# Aim of the task
Within the entries below, every line containing "LIMITED" is to be copied.

# Given records
──────────
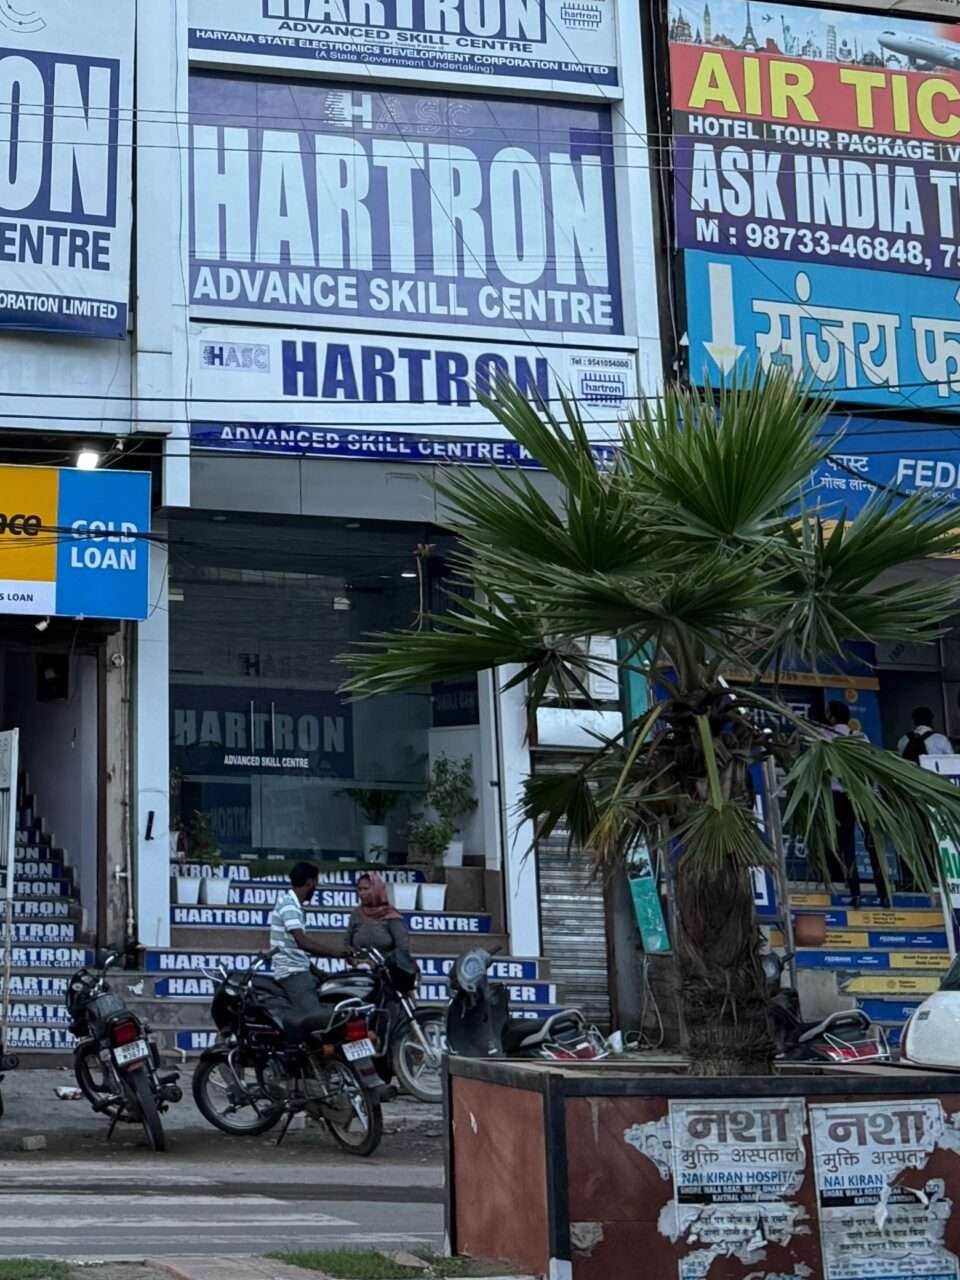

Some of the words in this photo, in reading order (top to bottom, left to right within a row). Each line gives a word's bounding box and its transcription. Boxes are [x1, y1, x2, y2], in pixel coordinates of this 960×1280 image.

[563, 10, 599, 20] hartron
[278, 21, 395, 41] ADVANCED
[396, 32, 450, 46] SKILL
[455, 39, 533, 54] CENTRE
[196, 30, 255, 44] HARYANA
[258, 36, 296, 48] STATE
[299, 39, 380, 55] ELECTRONICS
[383, 46, 471, 63] DEVELOPMENT
[474, 55, 559, 71] CORPORATION
[562, 63, 609, 75] LIMITED
[360, 54, 425, 68] Government
[687, 51, 821, 123] AIR
[688, 114, 760, 141] HOTEL
[771, 125, 831, 150] TOUR
[836, 131, 936, 161] PACKAGE
[690, 142, 787, 222] ASK
[794, 154, 926, 236] INDIA
[192, 123, 610, 288] HARTRON
[62, 299, 118, 320] LIMITED
[192, 266, 358, 309] ADVANCE
[369, 277, 469, 318] SKILL
[478, 285, 615, 327] CENTRE
[751, 271, 901, 393] संजय
[584, 382, 622, 395] hartron
[220, 425, 342, 450] ADVANCED
[347, 433, 412, 455] SKILL
[70, 546, 138, 571] LOAN
[7, 593, 35, 603] LOAN
[224, 754, 260, 767] ADVANCED
[262, 755, 281, 768] SKILL
[282, 756, 309, 769] CENTRE
[174, 908, 264, 926] HARTRON
[410, 916, 480, 932] CENTRE
[685, 1108, 790, 1144] नशा
[825, 1110, 927, 1147] नशा
[681, 1144, 720, 1169] मुक्ति
[730, 1146, 801, 1163] अस्पताल
[822, 1147, 860, 1173] मुक्ति
[681, 1172, 703, 1185] NAI
[706, 1171, 744, 1184] KIRAN
[824, 1175, 845, 1188] NAI
[848, 1173, 884, 1187] KIRAN
──────────
# Answer area
[562, 63, 609, 75] LIMITED
[62, 299, 118, 320] LIMITED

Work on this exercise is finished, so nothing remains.